TASK ITEM:
An exact copy of every entry is required, without the pictures.

RECORDED INFORMATION:
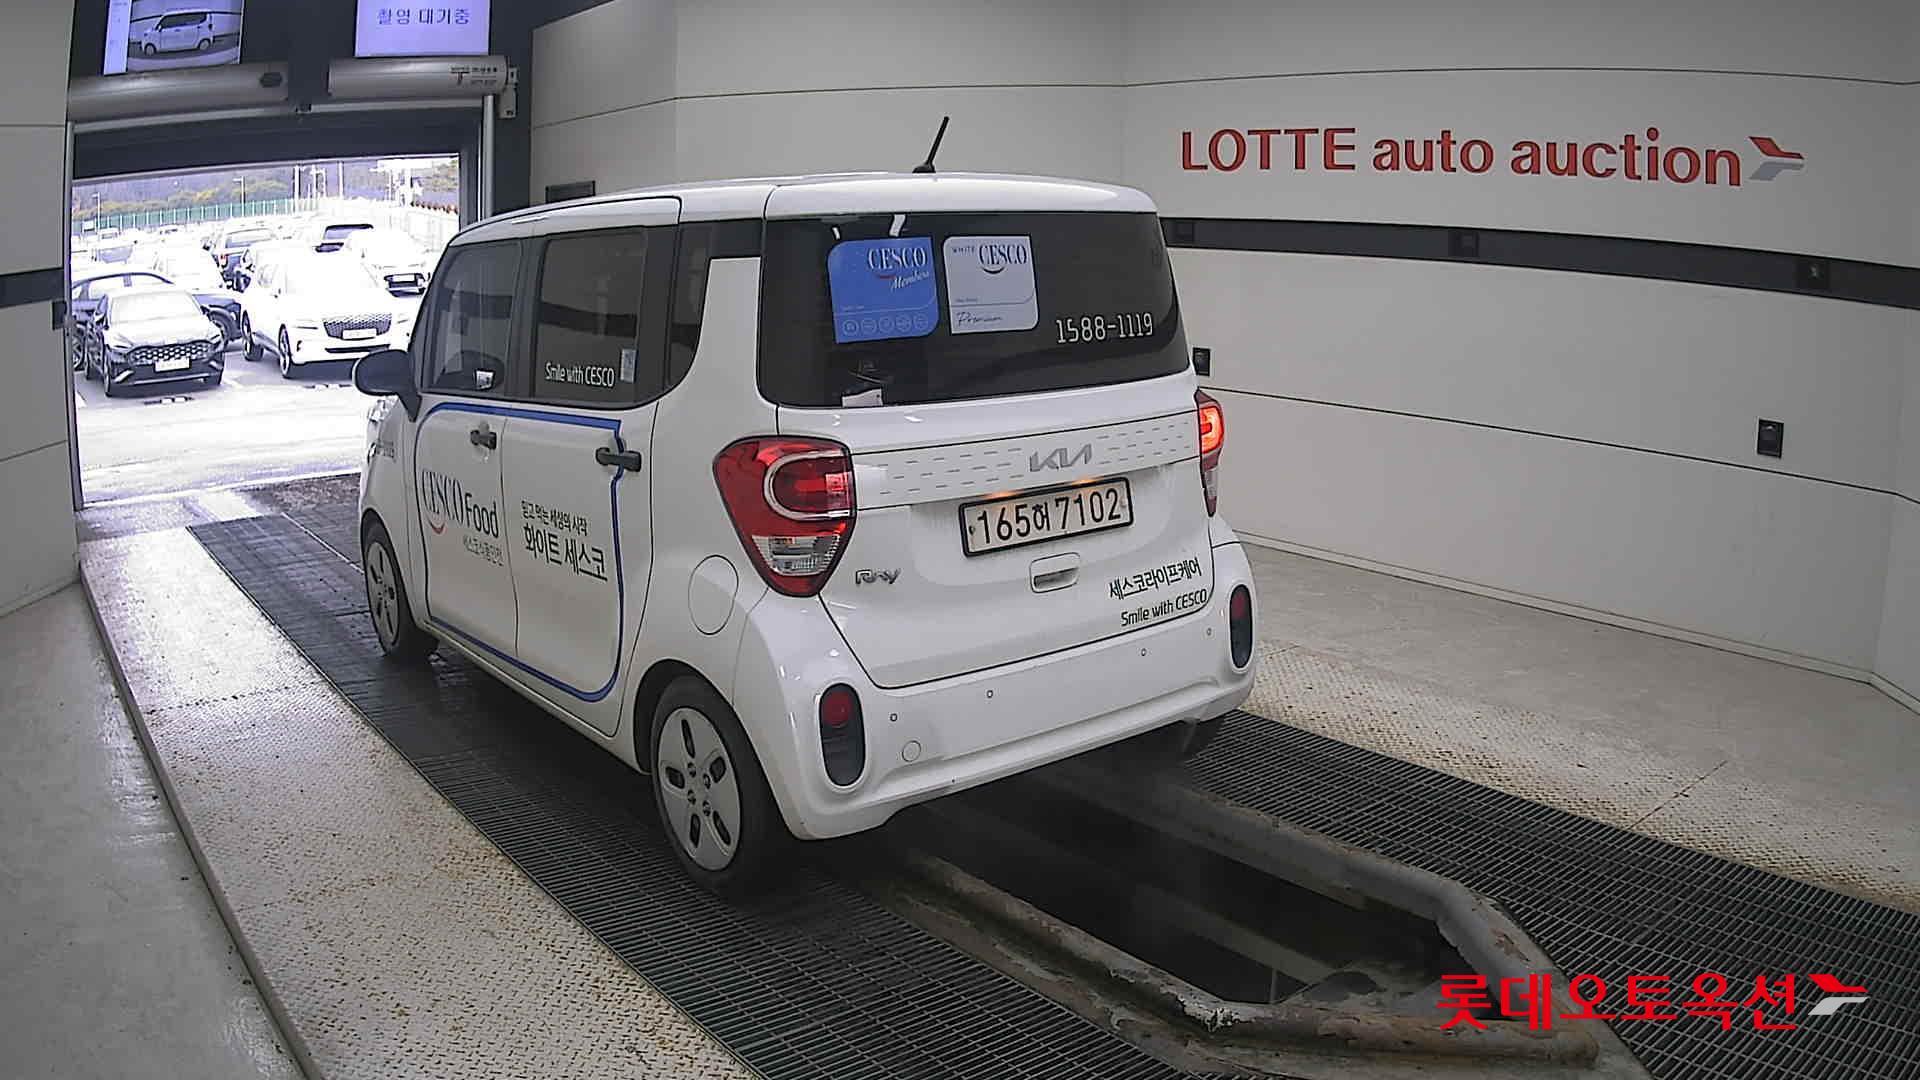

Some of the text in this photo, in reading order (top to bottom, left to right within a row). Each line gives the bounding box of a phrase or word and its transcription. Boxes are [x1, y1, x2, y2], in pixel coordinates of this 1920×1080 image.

[418, 8, 470, 25] 대기중
[1182, 126, 1742, 187] LOTTE auto auction
[867, 247, 927, 270] CESCO
[978, 244, 1028, 265] CESCO
[1056, 312, 1153, 344] 1588-1119
[545, 361, 615, 387] Smile with CESCO
[422, 468, 499, 539] CESCO Food
[978, 487, 1121, 544] 165허 7102
[550, 508, 571, 532] 세상의
[572, 512, 588, 537] 시작
[523, 522, 608, 582] 화이트 세스코
[1108, 557, 1202, 600] 세스코라이프케어
[1120, 588, 1208, 627] Smile with CESCO

EXERCISE OUTPUT:
Some of the text in this photo, in reading order (top to bottom, left to right within a row). Each line gives the bounding box of a phrase or word and its transcription. Boxes are [x1, y1, x2, y2], in pixel coordinates of this 1920×1080 image.

[418, 8, 470, 25] 대기중
[1182, 126, 1742, 187] LOTTE auto auction
[867, 247, 927, 270] CESCO
[978, 244, 1028, 265] CESCO
[1056, 312, 1153, 344] 1588-1119
[545, 361, 615, 387] Smile with CESCO
[422, 468, 499, 539] CESCO Food
[978, 487, 1121, 544] 165허 7102
[550, 508, 571, 532] 세상의
[572, 512, 588, 537] 시작
[523, 522, 608, 582] 화이트 세스코
[1108, 557, 1202, 600] 세스코라이프케어
[1120, 588, 1208, 627] Smile with CESCO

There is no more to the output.